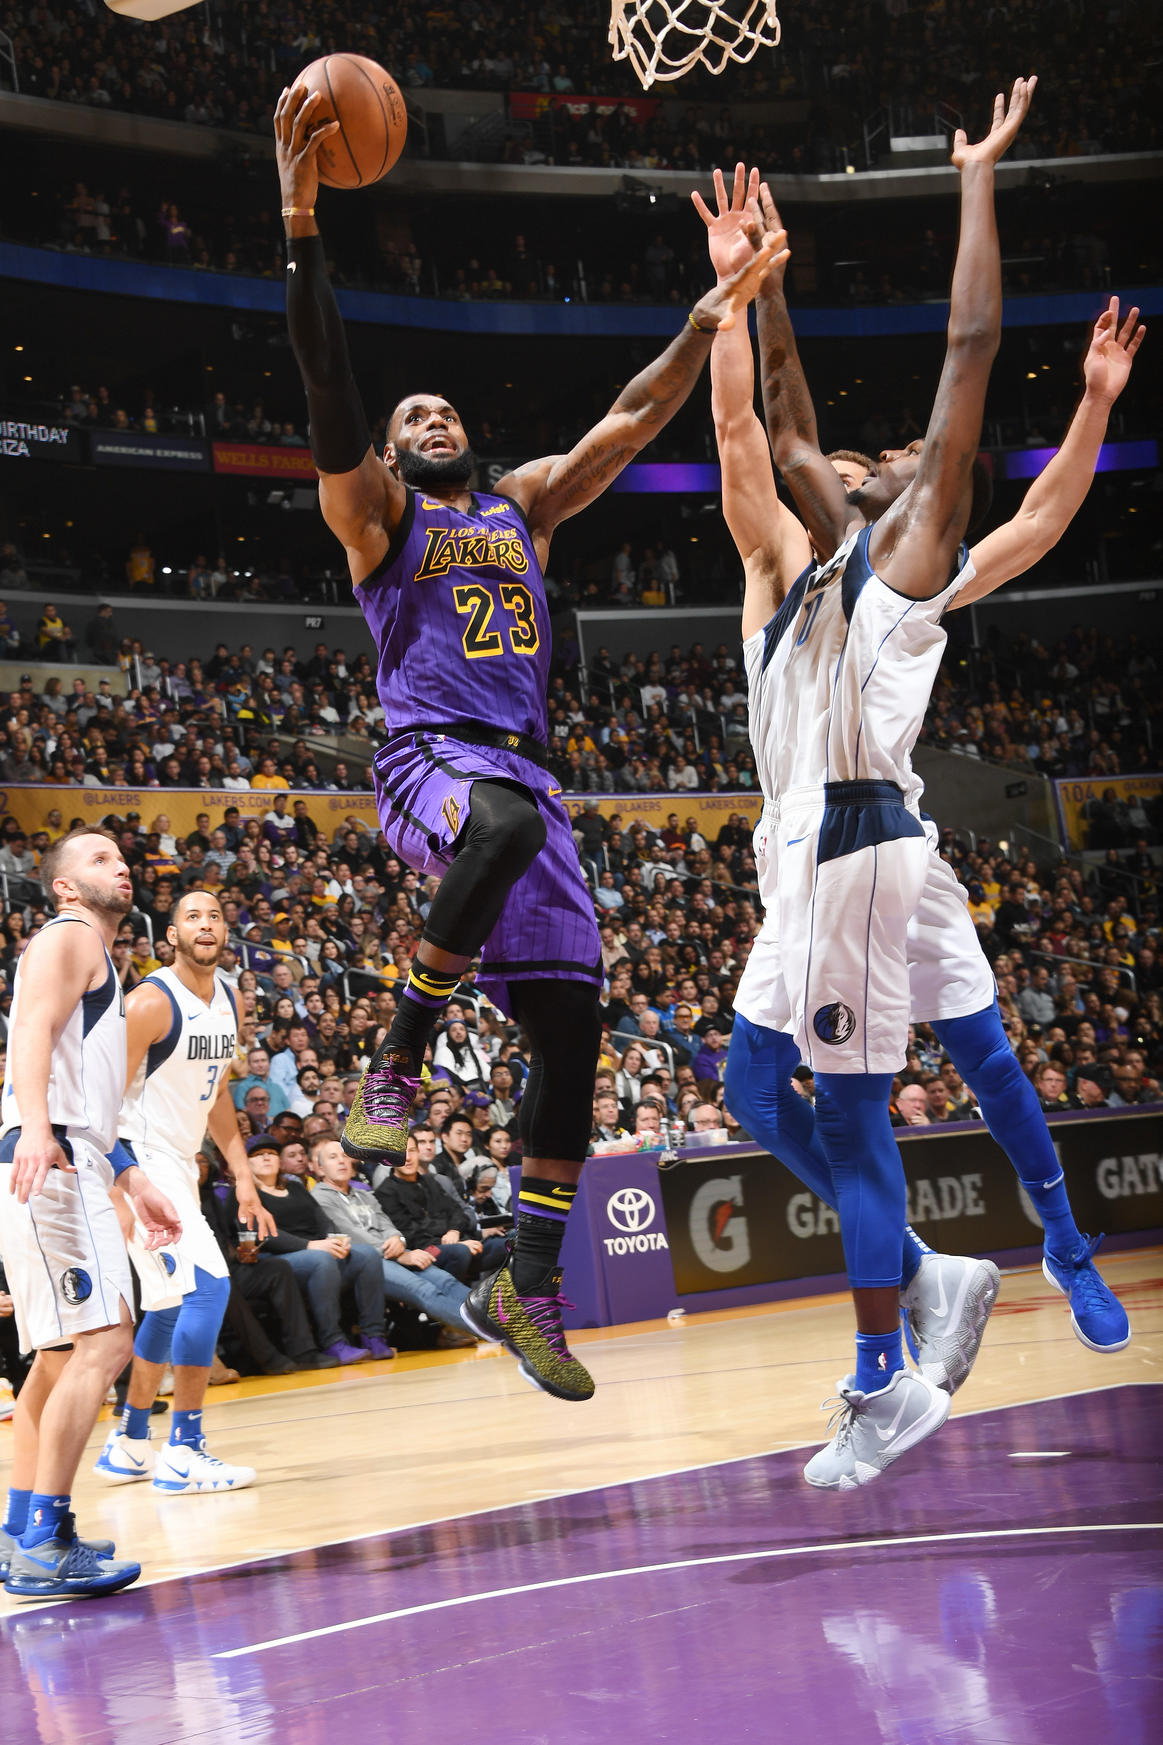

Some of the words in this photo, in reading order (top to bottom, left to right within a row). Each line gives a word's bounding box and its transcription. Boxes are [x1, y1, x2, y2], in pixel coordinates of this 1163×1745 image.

[0, 420, 69, 444] IRTHDAY
[0, 439, 30, 457] IZA
[96, 445, 153, 456] AMERICAN
[156, 449, 203, 460] EXPRESS
[216, 451, 269, 467] WELLS
[480, 503, 510, 517] wish
[449, 527, 475, 538] LOS
[453, 583, 540, 659] 23
[83, 793, 141, 806] @LAKERS
[202, 795, 271, 808] LAKERS.COM
[615, 801, 662, 813] @LAKERS
[701, 799, 758, 810] LAKERS.COM
[187, 1034, 235, 1060] DALLAS
[1096, 1153, 1163, 1199] GAT
[787, 1173, 985, 1238] GAADE
[688, 1175, 751, 1273] G
[603, 1232, 669, 1256] TOYOTA
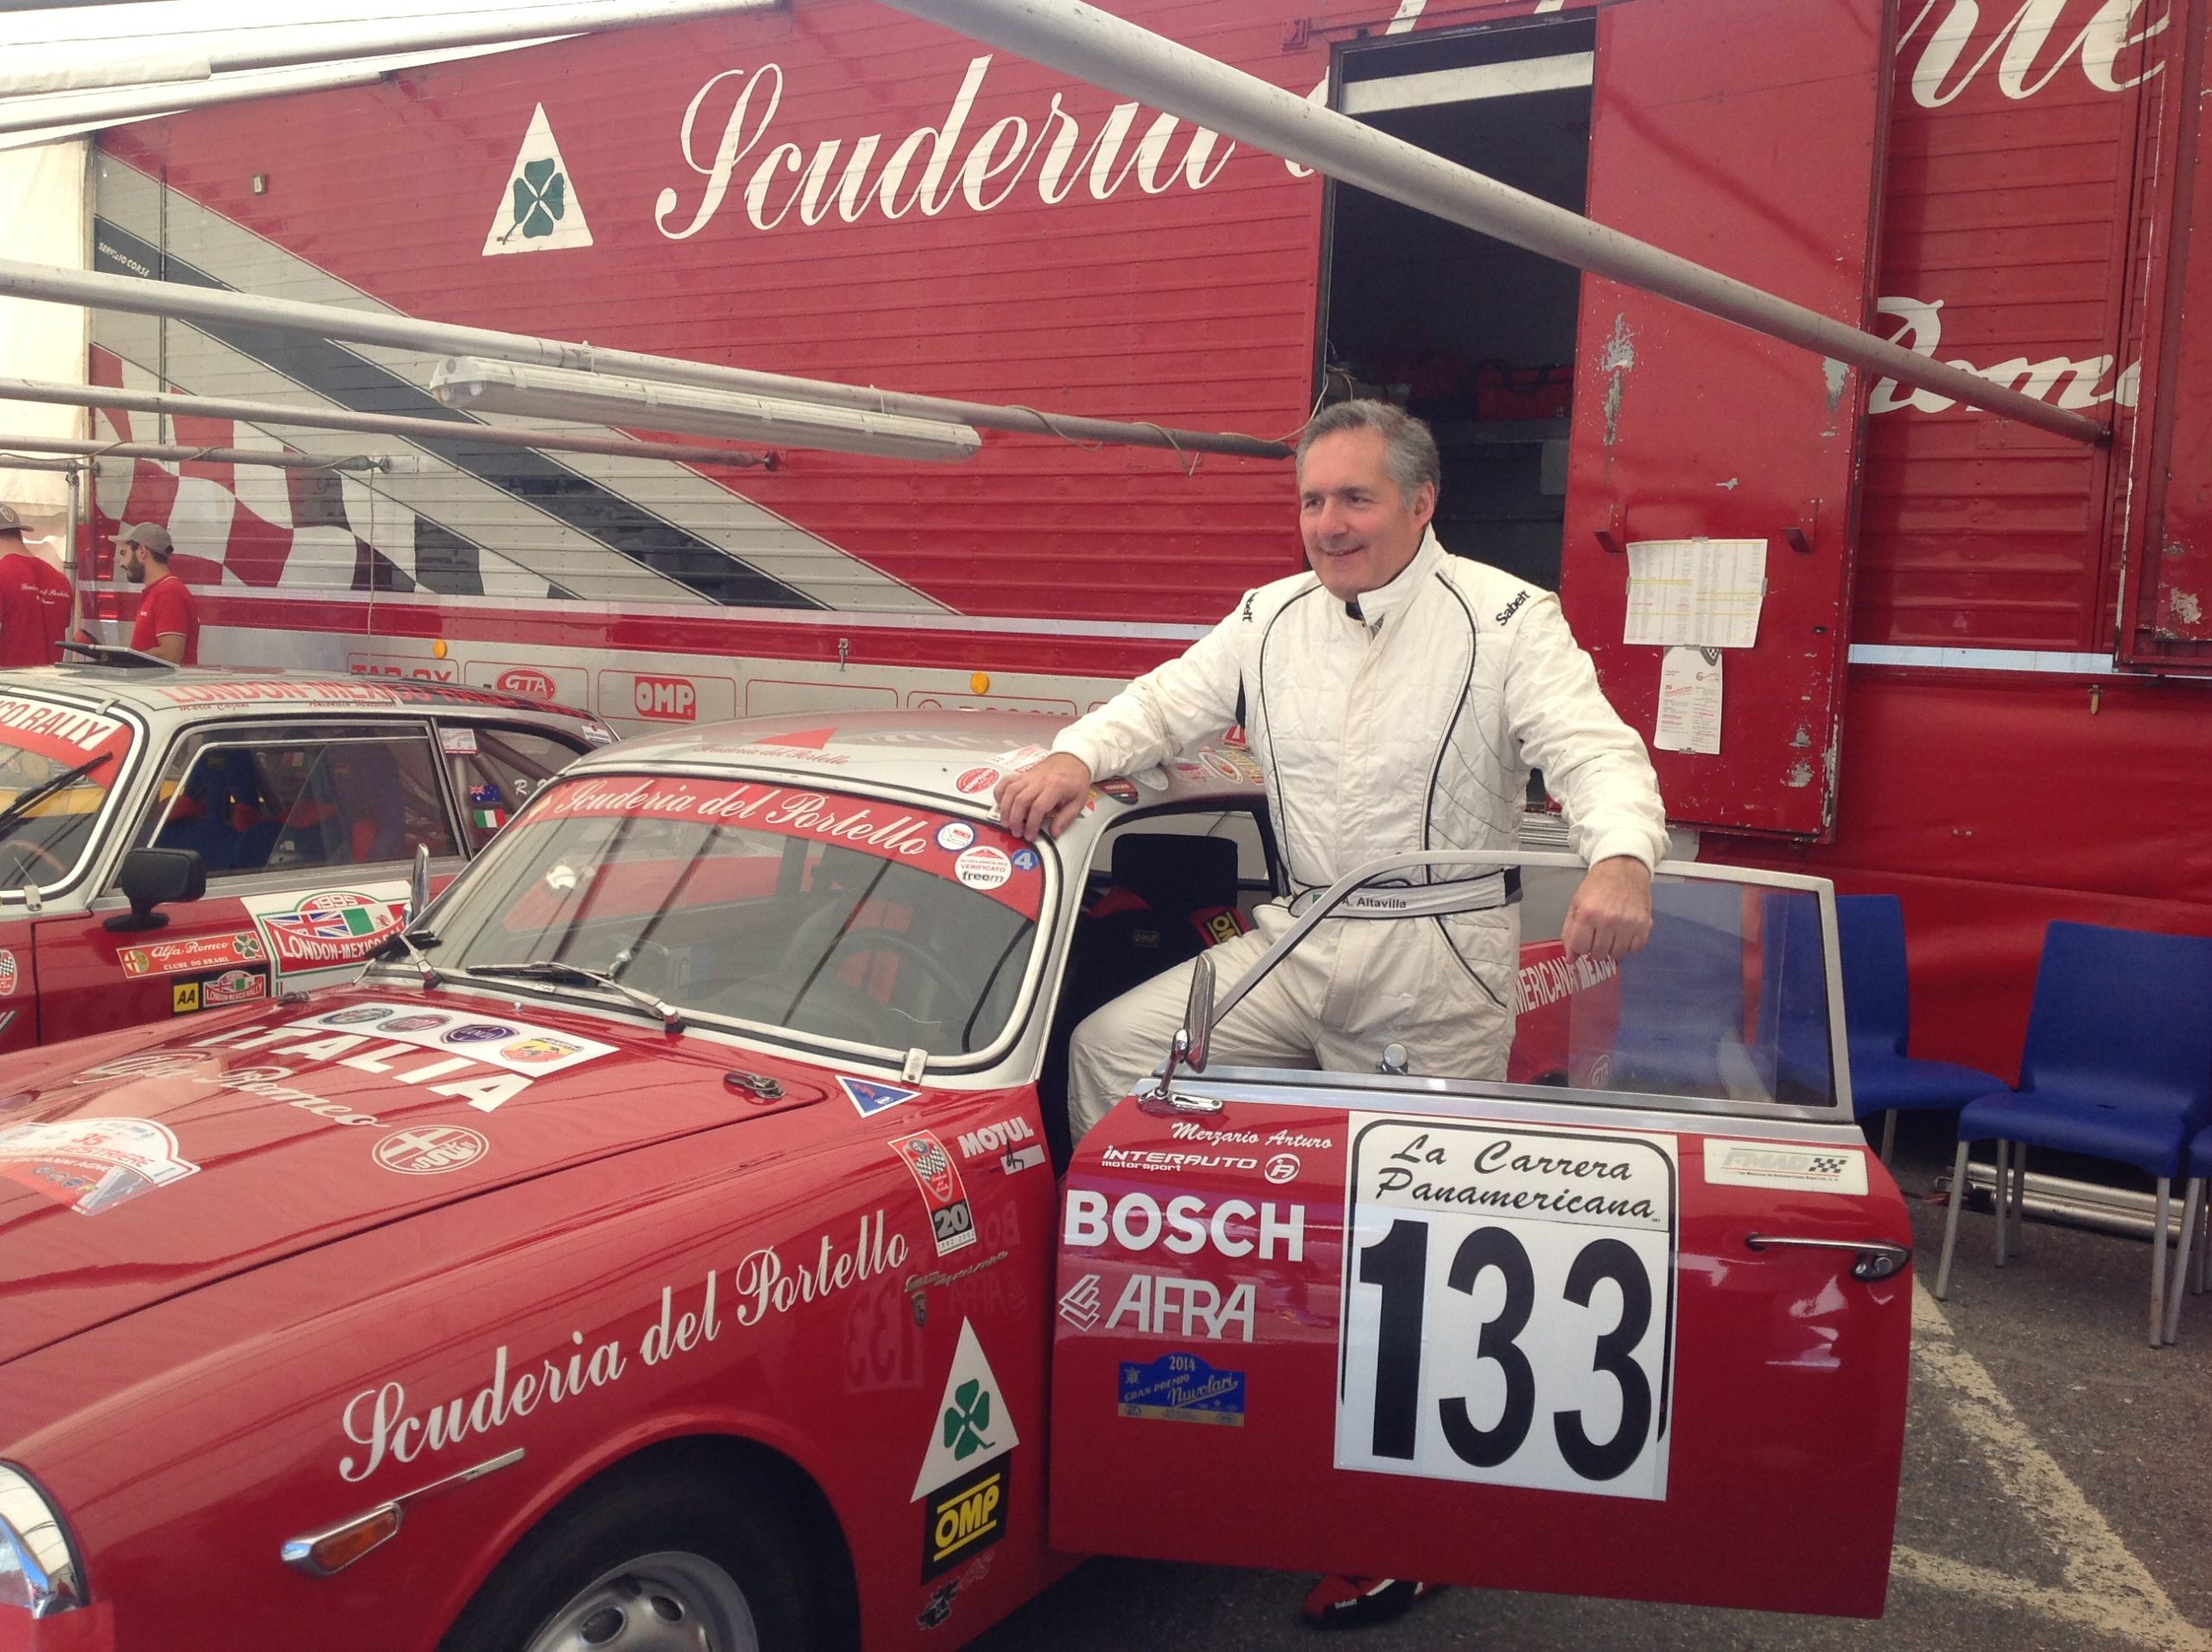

* _Problem to solve_:
Leave out the pictures, then give all the records again exactly.

* _Response below_:
Some of the words in this photo, in reading order (top to bottom, left to right within a row). Each line gives a word's bounding box and its transcription. Boxes are [x1, y1, x2, y2], in pixel coordinates of this 1163×1745 image.

[0, 420, 69, 444] IRTHDAY
[0, 439, 30, 457] IZA
[96, 445, 153, 456] AMERICAN
[156, 449, 203, 460] EXPRESS
[216, 451, 269, 467] WELLS
[480, 503, 510, 517] wish
[449, 527, 475, 538] LOS
[453, 583, 540, 659] 23
[83, 793, 141, 806] @LAKERS
[202, 795, 271, 808] LAKERS.COM
[615, 801, 662, 813] @LAKERS
[701, 799, 758, 810] LAKERS.COM
[187, 1034, 235, 1060] DALLAS
[1096, 1153, 1163, 1199] GAT
[787, 1173, 985, 1238] GAADE
[688, 1175, 751, 1273] G
[603, 1232, 669, 1256] TOYOTA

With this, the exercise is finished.